Khalil was an activist protesting for divestment from Israel at Columbia University. Born in Syria to a Palestinian family displaced by the Nakba (the mass expulsion of Palestinians in the process of creating the Israeli state), he was a graduate student at the Columbia University School of International and Public Affairs who held a green card. For his peaceful, nonviolent activism, Khalil was kidnapped by Department of Homeland Security agents who did not provide a warrant and moved to an Immigration and Customs Enforcement (ICE) detention facility in Louisiana, hundreds of miles away from his pregnant wife, ultimately blocked from attending the birth of his first son. For his activism, he was not accused of breaking any laws, but simply of undermining American foreign policy, through the use of a rarely-used and incredibly vague law. Everyone in the United States, including green card holders, is supposed to be protected by constitutional rights, but for Khalil, this was evidently not the case. His words from jail resound: “Justice escapes the contours of this nation’s immigration facilities.”
Khalil is a political prisoner, jailed by a country that claims to be a free democracy. He cannot protest the genocide of his own people by American weaponry without his rights being stripped away. Depressingly, other international students such as Rümeysa Öztürk and Mohsen Mahdawi have also been persecuted and detained, seemingly for their political speech. This is deeply dystopian. Fascism has already arrived, and all of us must speak out. If the Republican Party cared at all about their stated values, every self-proclaimed free speech warrior would be out in the streets — but instead, they’re suppressing practitioners of the principle they claim to cherish. The current Republican position is almost entirely characterized by total obsequience to their king. Free speech for me, but not for thee.
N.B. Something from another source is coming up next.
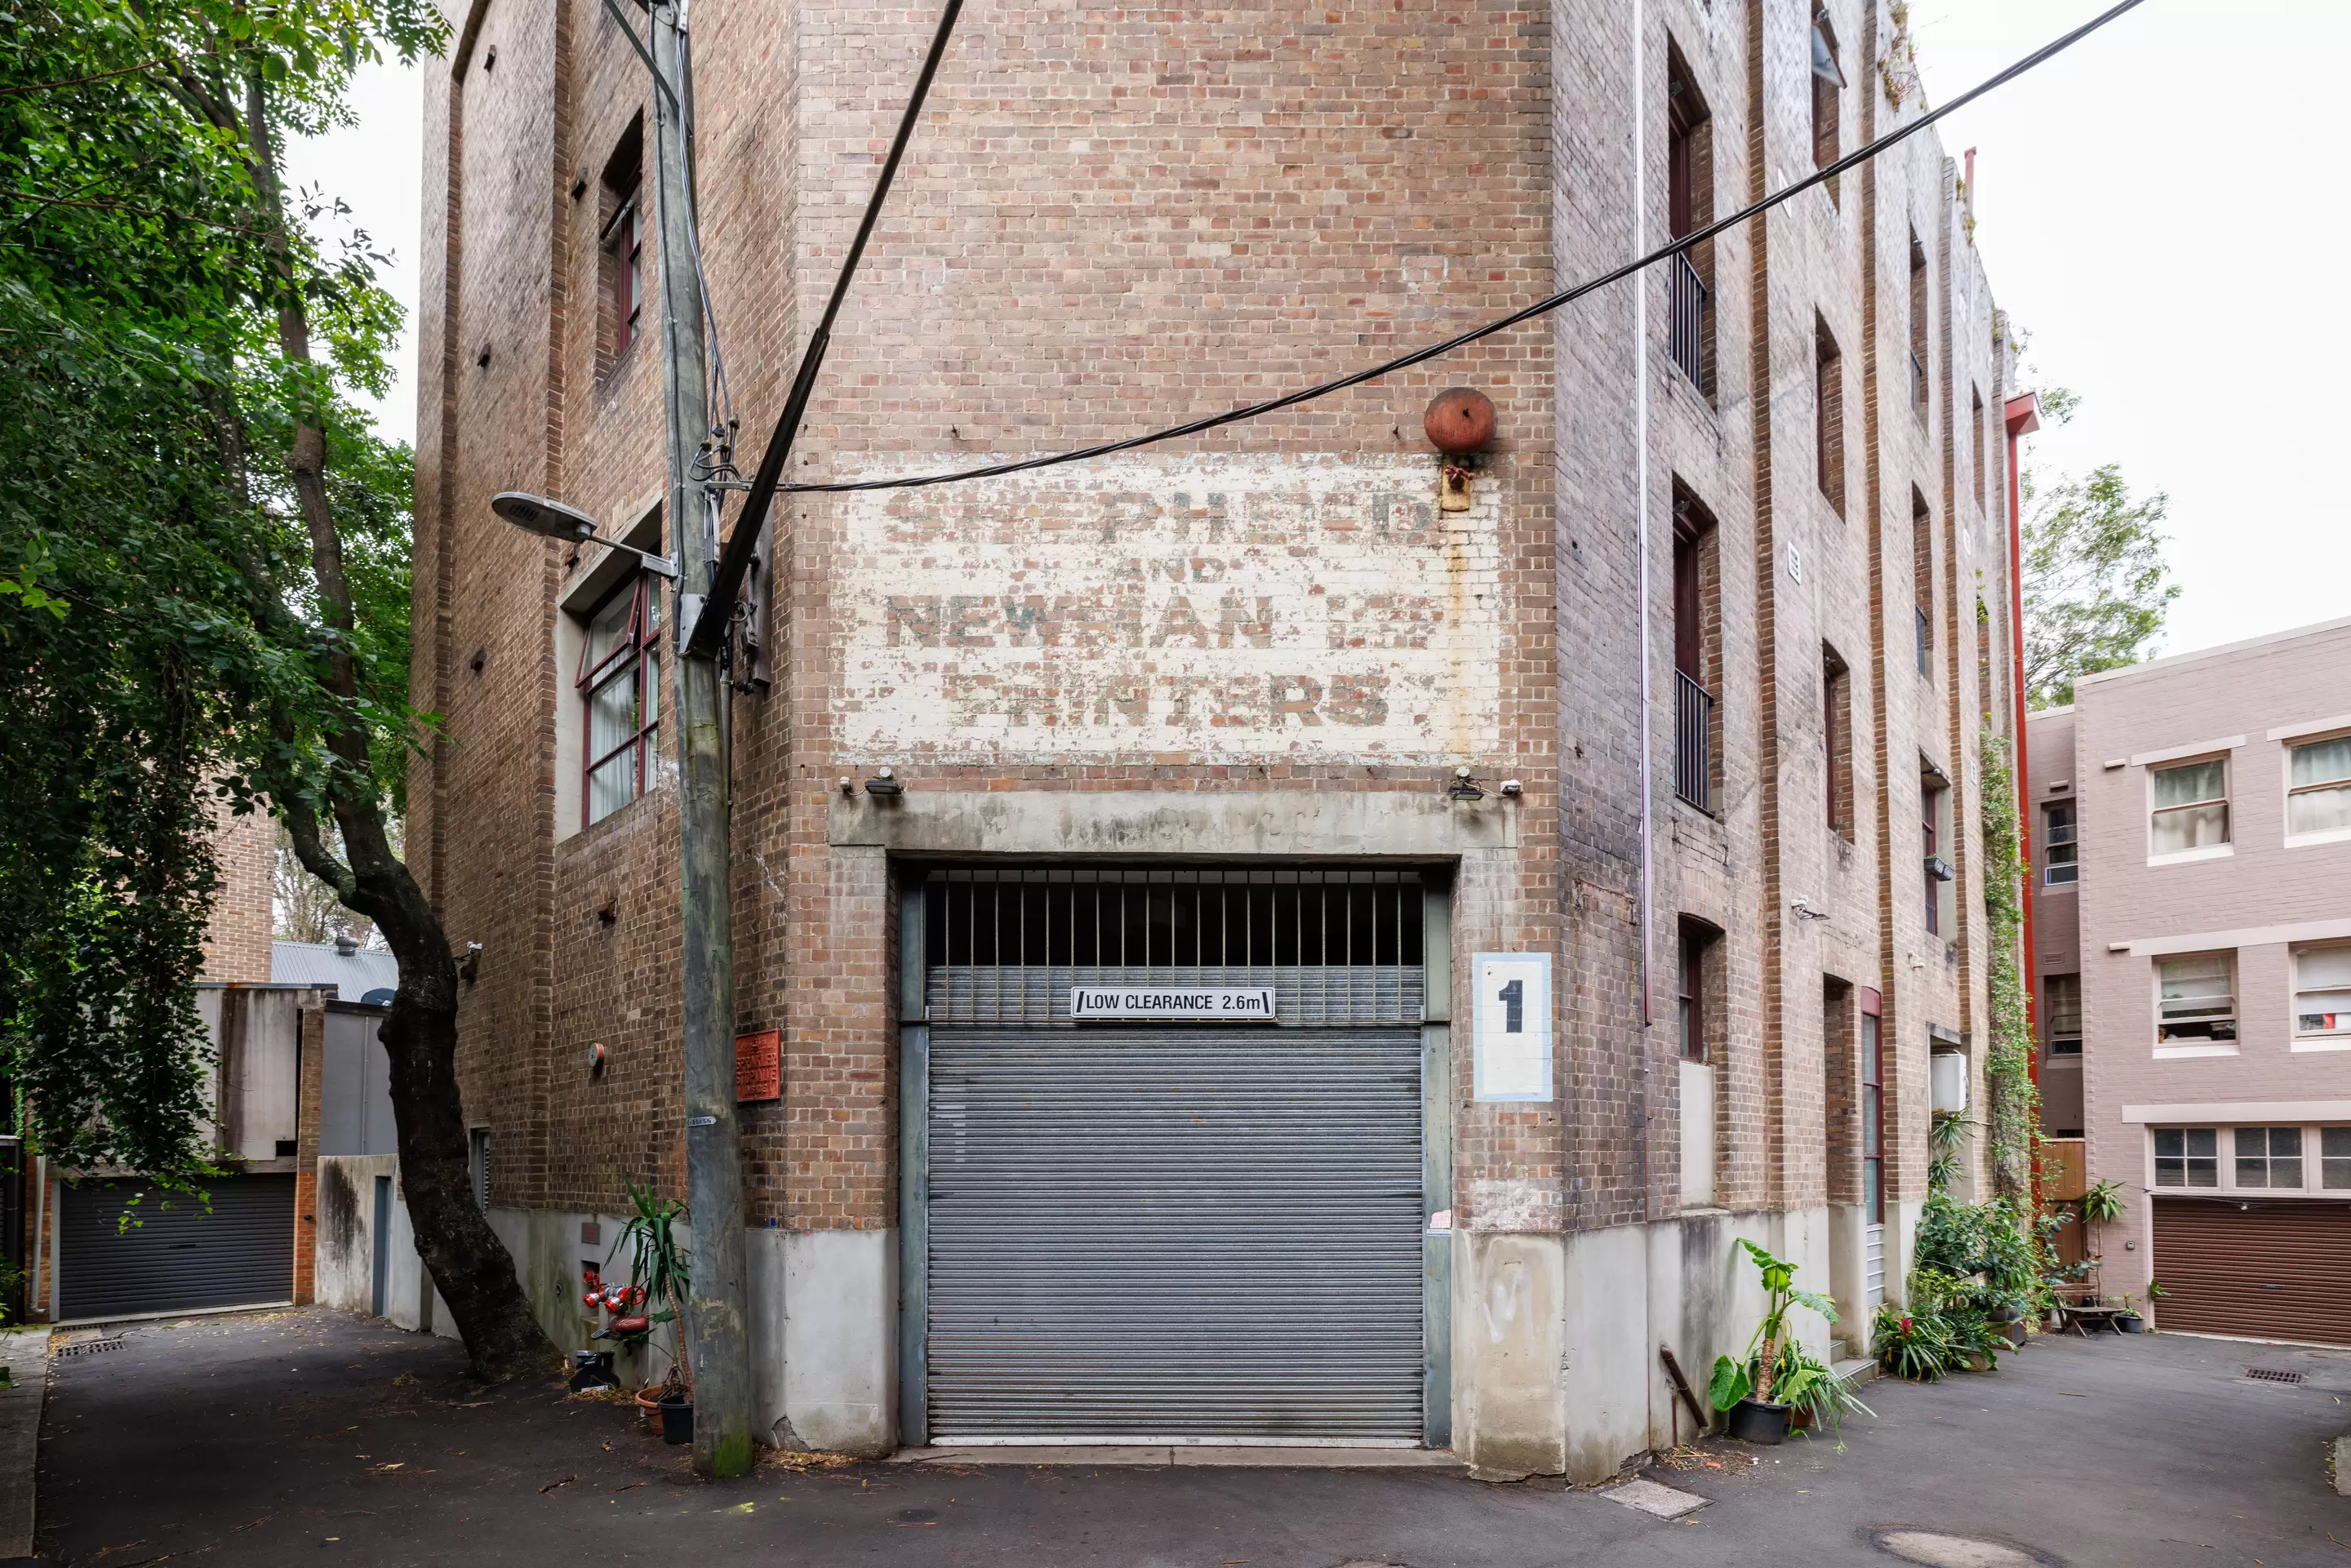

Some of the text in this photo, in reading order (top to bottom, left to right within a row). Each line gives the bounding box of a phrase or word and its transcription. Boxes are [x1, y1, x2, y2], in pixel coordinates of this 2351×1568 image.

The Amherst Student Editorial Board has already written on this issue, expressing concern for the plight of international students whose stays in the U.S. may be threatened by brutal Republican-led crackdowns on open expression. As a domestic student born and raised in the U.S., I feel obligated to use my privilege to sound the alarm on this horrifying repression. It is impossible to muster pride for a country that would so violently censor dissidents.
No international student should feel afraid to speak their mind because of a hostile, fascist administration that’s hell-bent on silencing and imprisoning critics of injustice. Free Mahmoud Khalil and free Palestine.